*** Given information ***

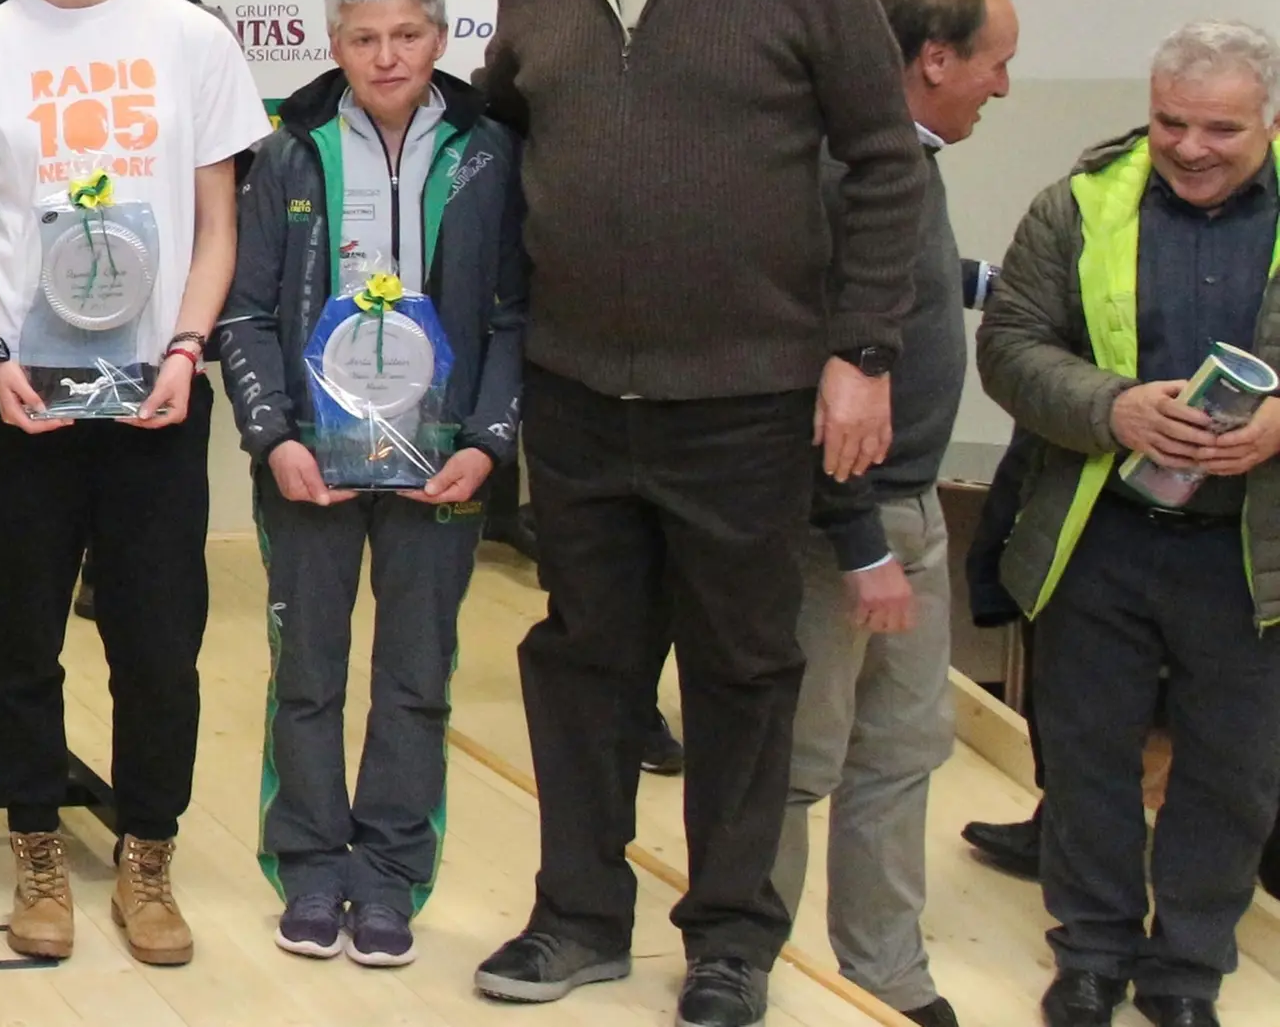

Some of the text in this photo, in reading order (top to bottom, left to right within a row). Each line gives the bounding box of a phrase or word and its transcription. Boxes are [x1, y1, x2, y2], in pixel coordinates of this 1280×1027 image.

[235, 4, 300, 18] GRUPPO
[243, 48, 332, 63] SSICURAZI
[30, 58, 157, 101] RADIO
[26, 94, 160, 159] 105

***

▶ What is required: Could you reproduce all of the material exactly? Keep the pictures out of it.

▶ Answer below:
Some of the text in this photo, in reading order (top to bottom, left to right within a row). Each line gives the bounding box of a phrase or word and its transcription. Boxes are [x1, y1, x2, y2], in pixel coordinates of this 1280×1027 image.

[235, 4, 300, 18] GRUPPO
[243, 48, 332, 63] SSICURAZI
[30, 58, 157, 101] RADIO
[26, 94, 160, 159] 105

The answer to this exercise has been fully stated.